Postwendend

Die Älteren unter Tilos Leserinnen und Lesern können sich noch gut erinnern: Unsere Postboten waren früher „ordentliche Beamte“, die ihre Arbeit nicht immer schnell, dafür aber stets nach dem Buchstaben des Gesetzes erledigt haben. Dieser Job war damals attraktiv, denn ein Beamter ist bekanntlich nicht nur unkündbar, sondern verfügt auch über eine „Pensionsberechtigung“.

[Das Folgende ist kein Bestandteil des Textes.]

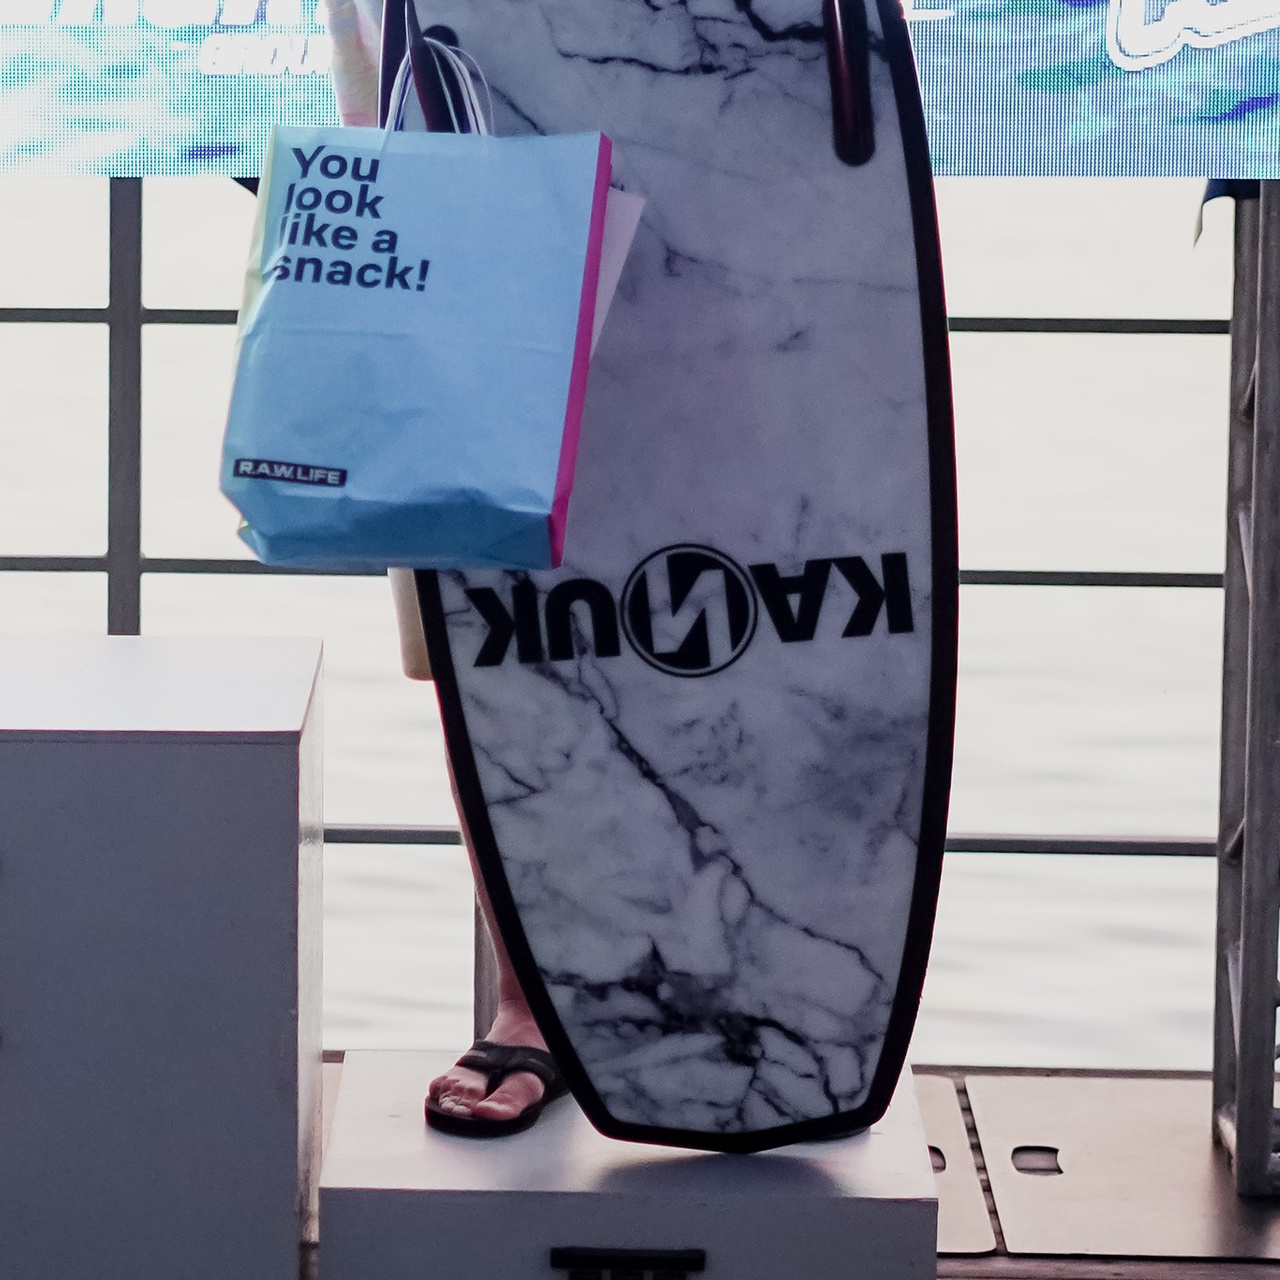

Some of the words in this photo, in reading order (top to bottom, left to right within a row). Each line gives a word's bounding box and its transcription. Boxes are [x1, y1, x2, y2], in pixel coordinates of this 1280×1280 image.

[292, 145, 380, 183] You
[283, 183, 385, 220] look
[279, 212, 359, 250] like
[371, 229, 398, 254] a
[269, 255, 430, 292] snack!

Dann kam die durchaus sinnvolle Privatisierung und die verbeamteten „Christels von der Post“ wurden peu à peu ausrangiert. Aber der Wandel beim „gelben Riesen“ betraf bald noch andere Dinge. Briefe zu verschicken ist relativ teuer. Wie unendlich viel preiswerter ist es da, „mal eben“ eine Mail- oder eine Whattsapp-Nachricht in die Welt hinauszuposaunen.

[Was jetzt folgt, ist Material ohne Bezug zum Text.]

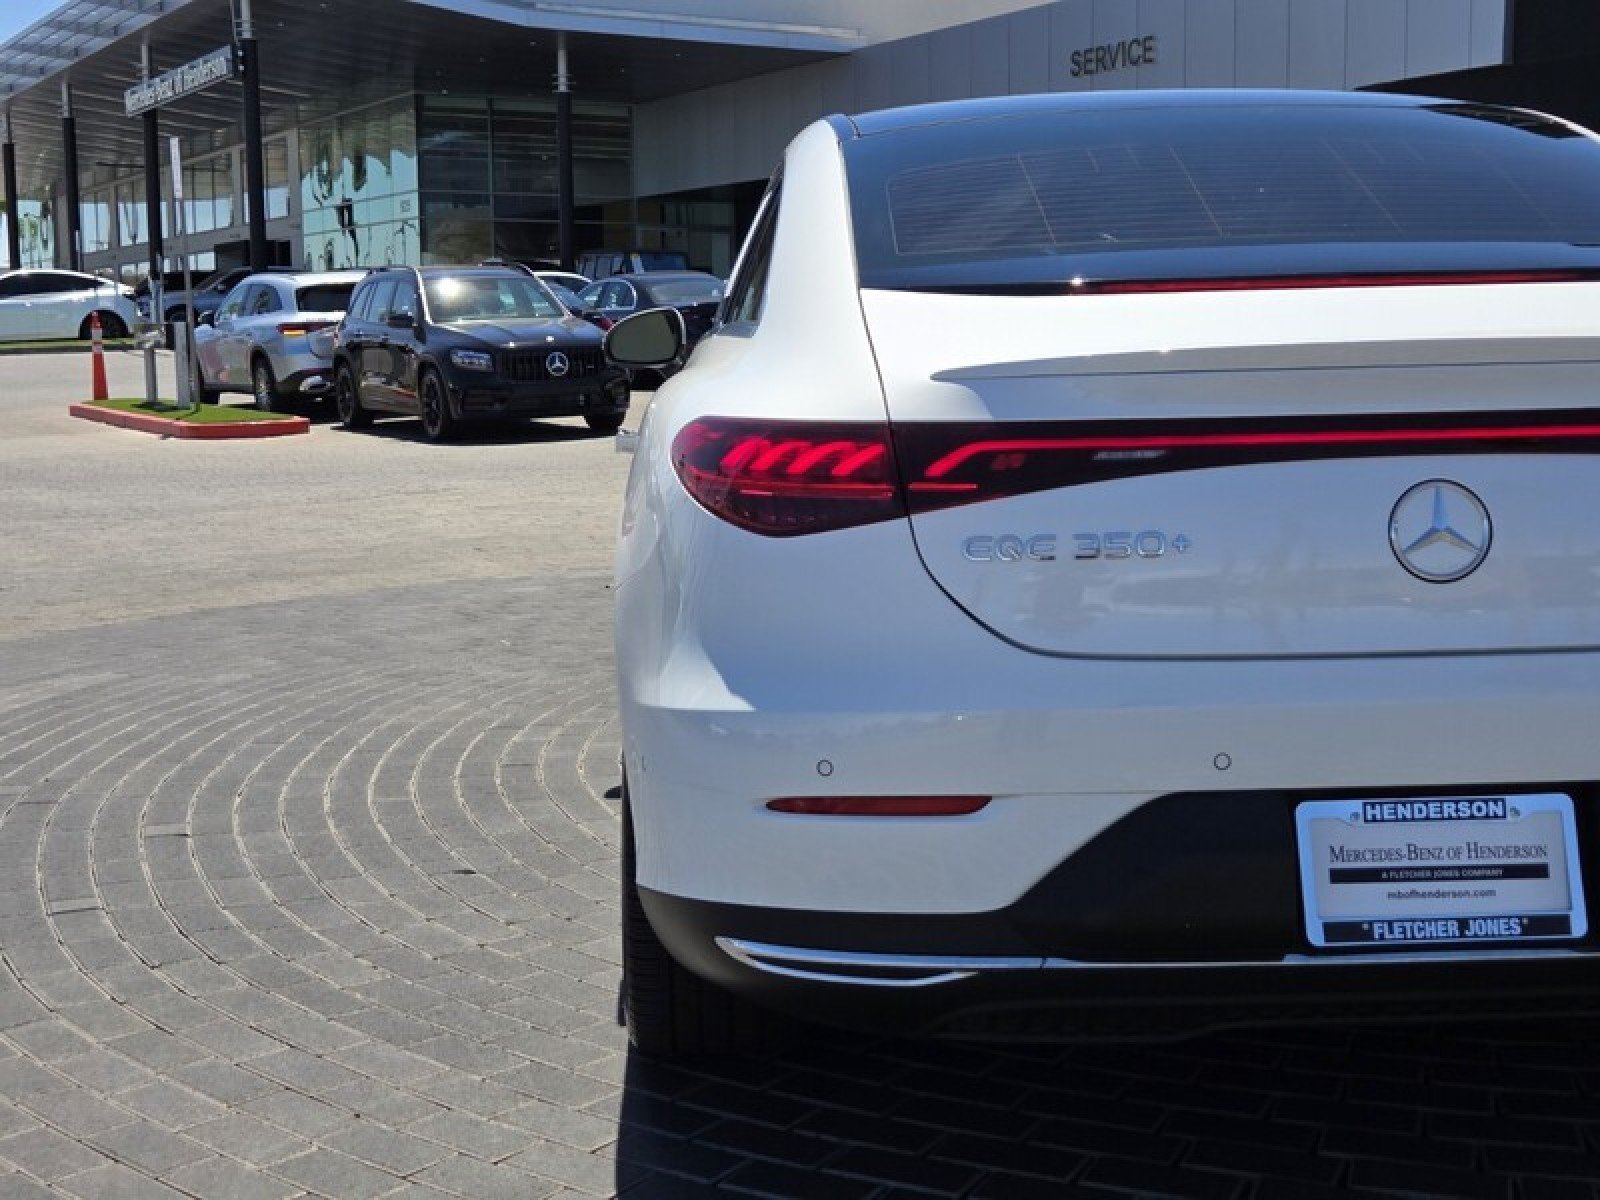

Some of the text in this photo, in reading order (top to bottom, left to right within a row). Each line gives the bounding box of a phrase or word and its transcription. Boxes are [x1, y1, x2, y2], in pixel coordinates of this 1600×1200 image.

[1070, 35, 1155, 77] SERVICE
[963, 530, 1193, 561] EQE 350+
[1365, 800, 1505, 821] HENDERSON
[1466, 842, 1548, 860] HENDERSON
[1389, 869, 1431, 879] FLETCHER
[1433, 869, 1460, 878] JONES
[1461, 868, 1503, 878] COMPANY
[1387, 888, 1497, 900] mbofhenderson.com
[1373, 917, 1522, 939] FLETCHER JONES

Die Deutsche Post hat also erstens einen erheblichen Kostendruck und zum anderen auch das Problem, dass immer weniger Menschen als Postboten durch Deutschland laufen möchten, denn – bitte nicht vergessen – man ist bei Wind und Wetter unterwegs. Und das macht ohne Aussicht auf eine Pension weniger Spaß.

Momentan sucht die Post rund 1500 junge Leute, aus denen sie gern Zusteller machen würde. Normalerweise haben wir es mit einem Ausbildungsberuf zu tun – mit einer monatlichen Postboten-Bezahlung in Höhe von 820 Euro im ersten Lehrjahr. Nun hat sich die Post schlau überlegt, dass man vielleicht rascher Zusteller bekommt, wenn man die Lehre teilweise streicht und stattdessen fix einen Schwung angelernter Kräfte auf die Piste schickt – mit 2172 Euro als Einstiegsgehalt.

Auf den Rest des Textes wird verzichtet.